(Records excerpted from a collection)
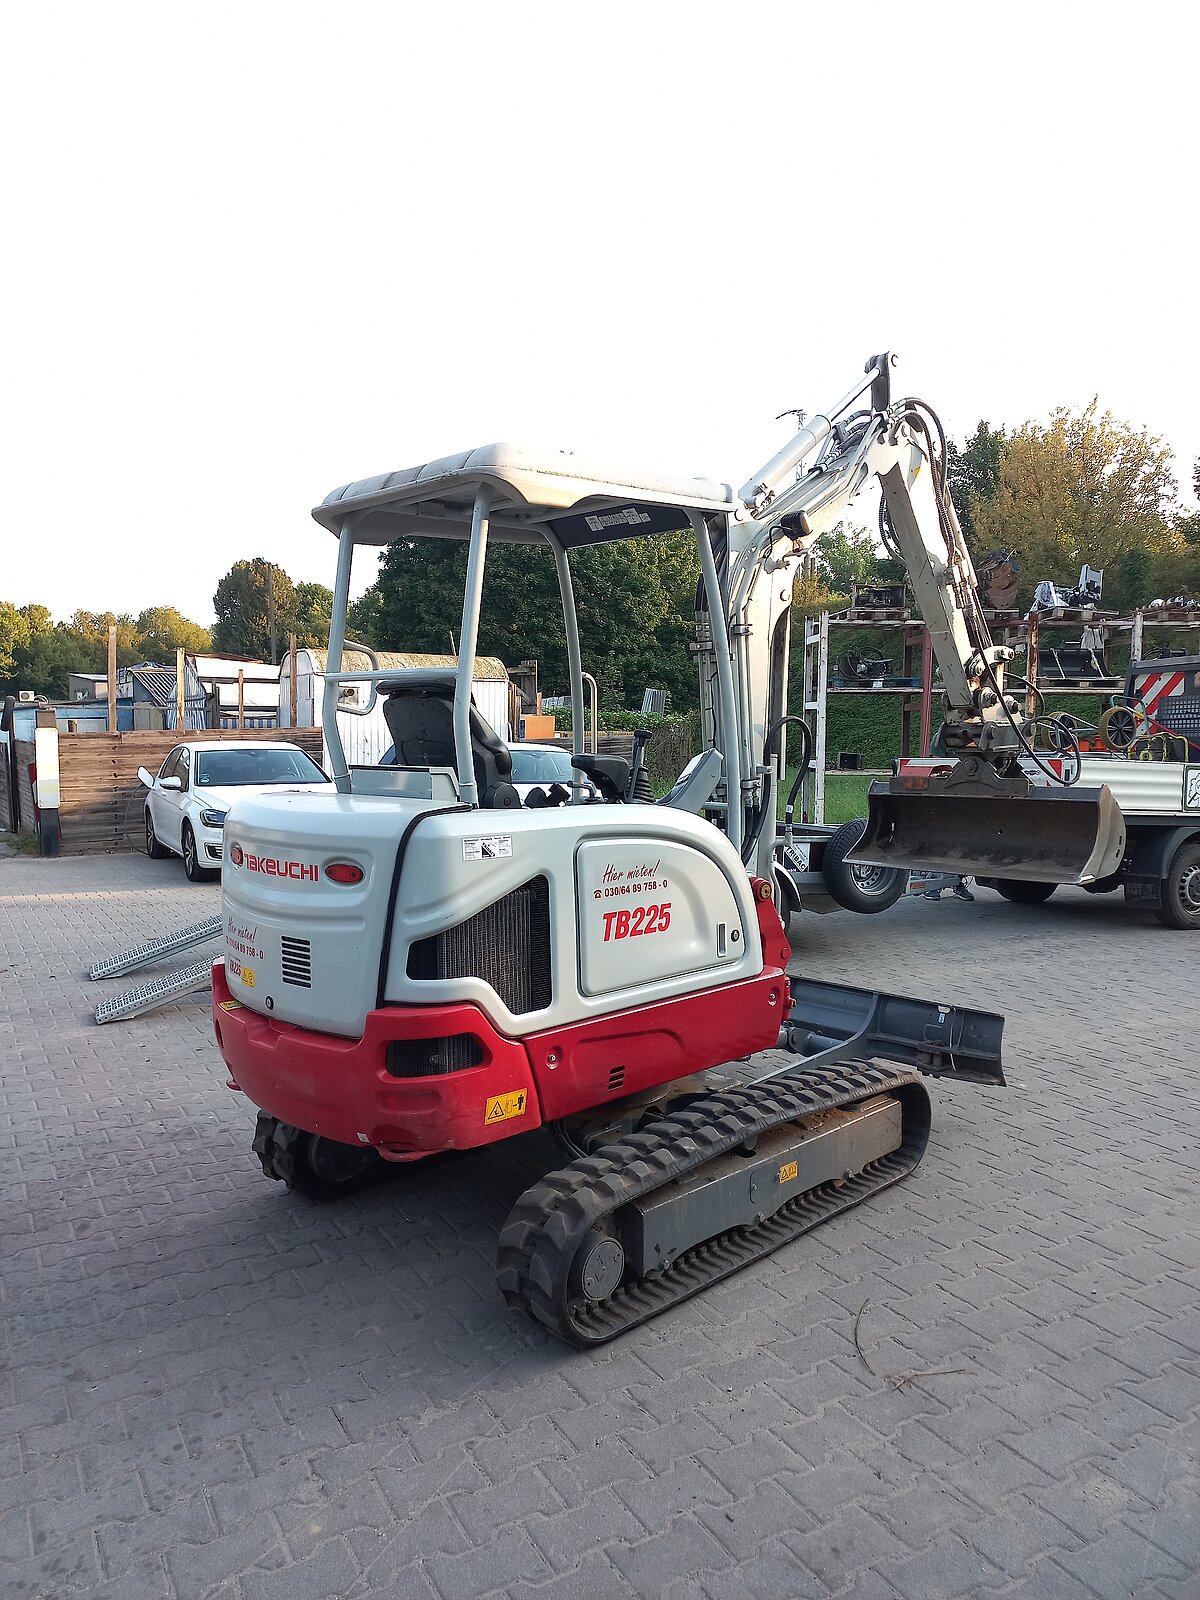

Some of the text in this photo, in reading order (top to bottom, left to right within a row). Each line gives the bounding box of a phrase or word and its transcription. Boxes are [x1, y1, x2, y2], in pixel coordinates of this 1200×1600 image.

[244, 853, 319, 882] TAKEUCHI
[602, 859, 661, 884] Hier mieten!
[604, 885, 631, 898] 030/64
[632, 883, 642, 893] 89
[643, 881, 657, 891] 758
[662, 879, 668, 888] 0
[602, 902, 672, 942] TB225
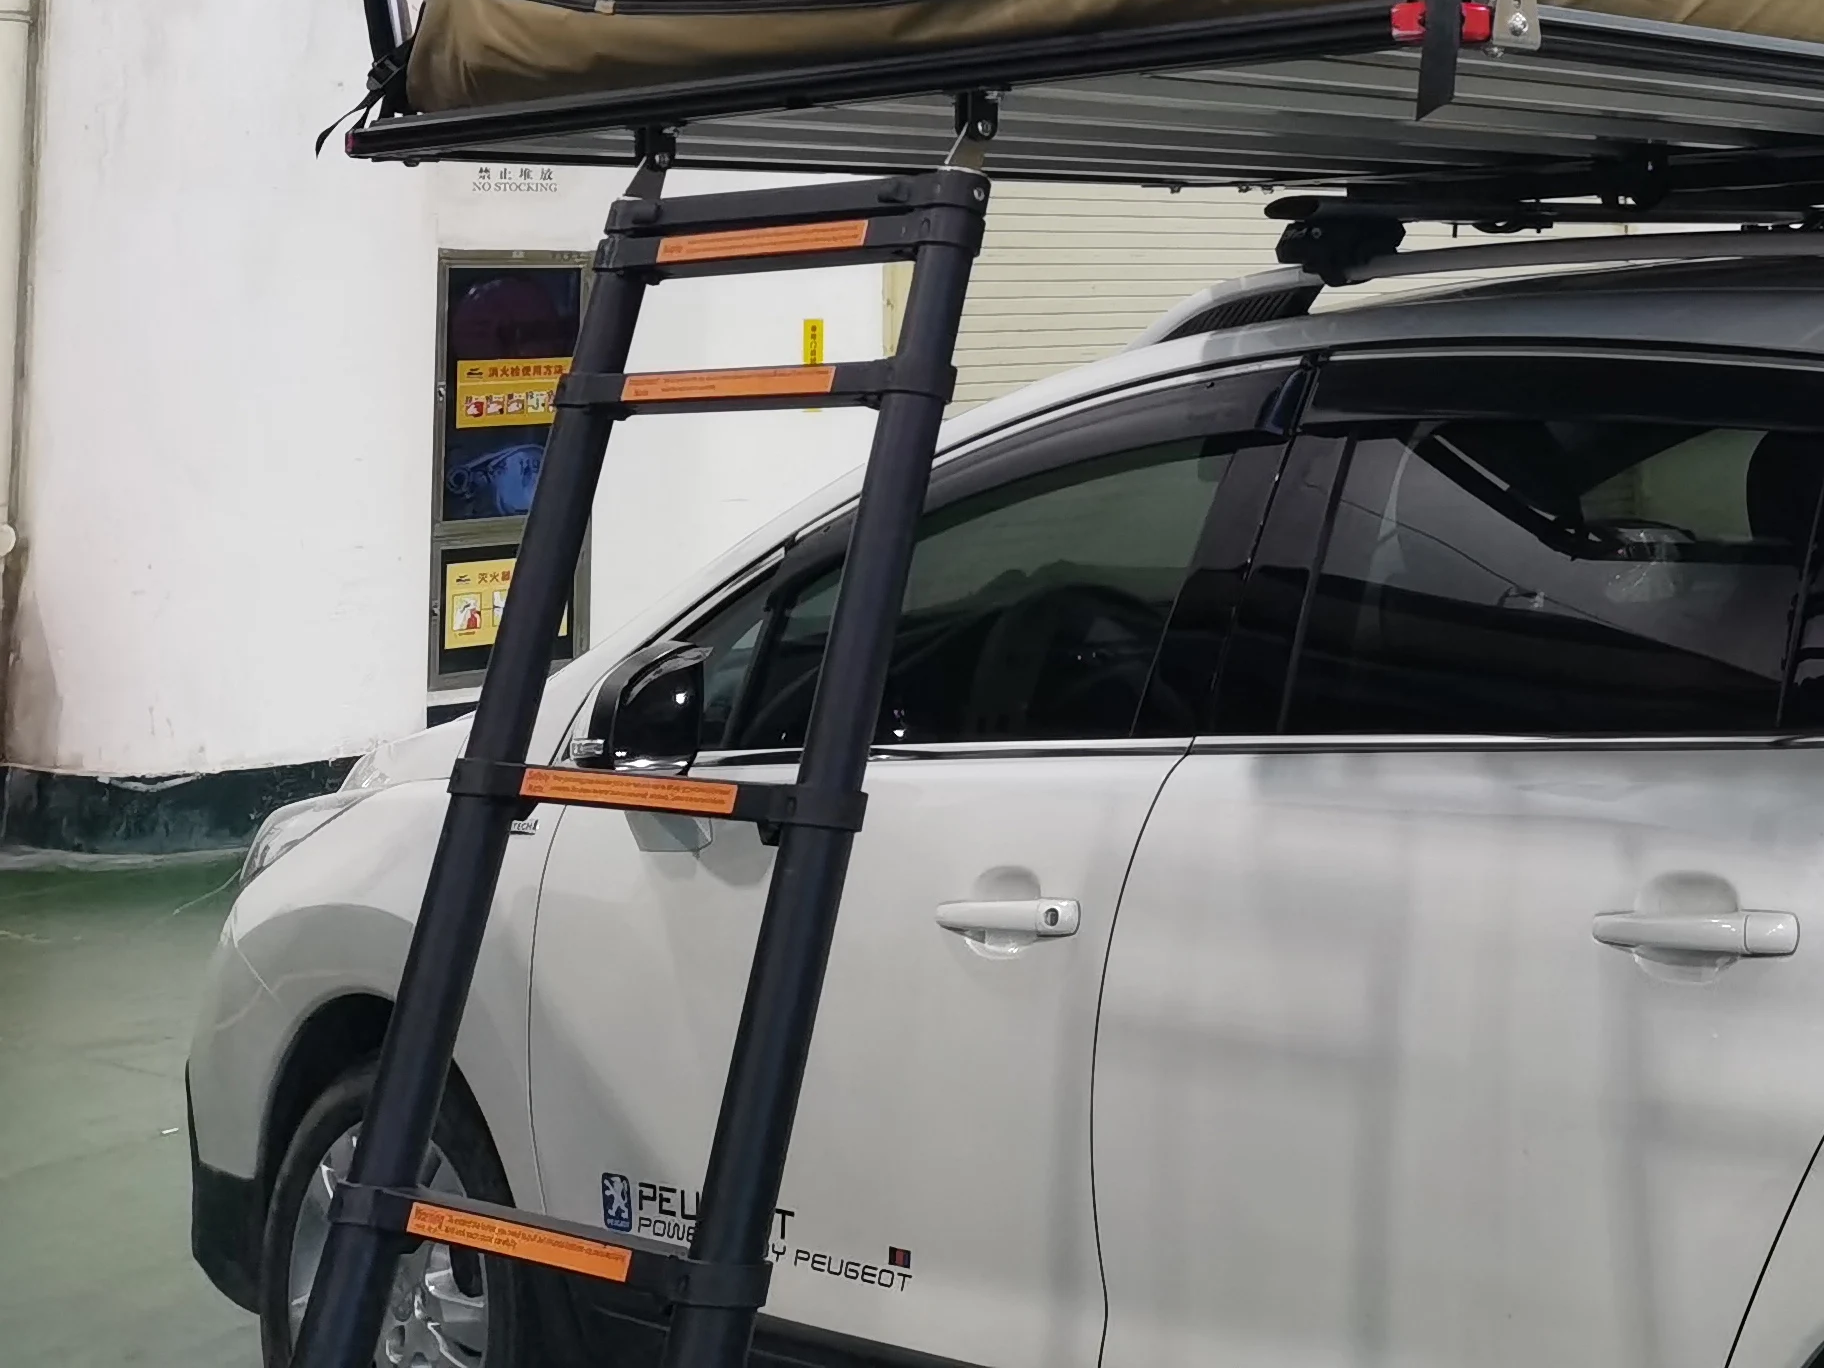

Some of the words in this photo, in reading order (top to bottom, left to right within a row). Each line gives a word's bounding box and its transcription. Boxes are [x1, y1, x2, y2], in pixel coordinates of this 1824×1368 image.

[472, 182, 491, 192] NO
[494, 182, 557, 192] STOCKING
[794, 1248, 913, 1292] PEUGEOT

• _Work request_: Please transcribe every entry exactly as written, leaving the pictures out.

• _Response to the task_:
Some of the text in this photo, in reading order (top to bottom, left to right within a row). Each line gives the bounding box of a phrase or word and its transcription. Boxes are [x1, y1, x2, y2], in pixel coordinates of this 1200×1600 image.

[244, 853, 319, 882] TAKEUCHI
[602, 859, 661, 884] Hier mieten!
[604, 885, 631, 898] 030/64
[632, 883, 642, 893] 89
[643, 881, 657, 891] 758
[662, 879, 668, 888] 0
[602, 902, 672, 942] TB225

Some of the words in this photo, in reading order (top to bottom, left to right within a row). Each line gives a word's bounding box and its transcription. Boxes are [x1, y1, x2, y2], in pixel coordinates of this 1824×1368 image.

[472, 182, 491, 192] NO
[494, 182, 557, 192] STOCKING
[794, 1248, 913, 1292] PEUGEOT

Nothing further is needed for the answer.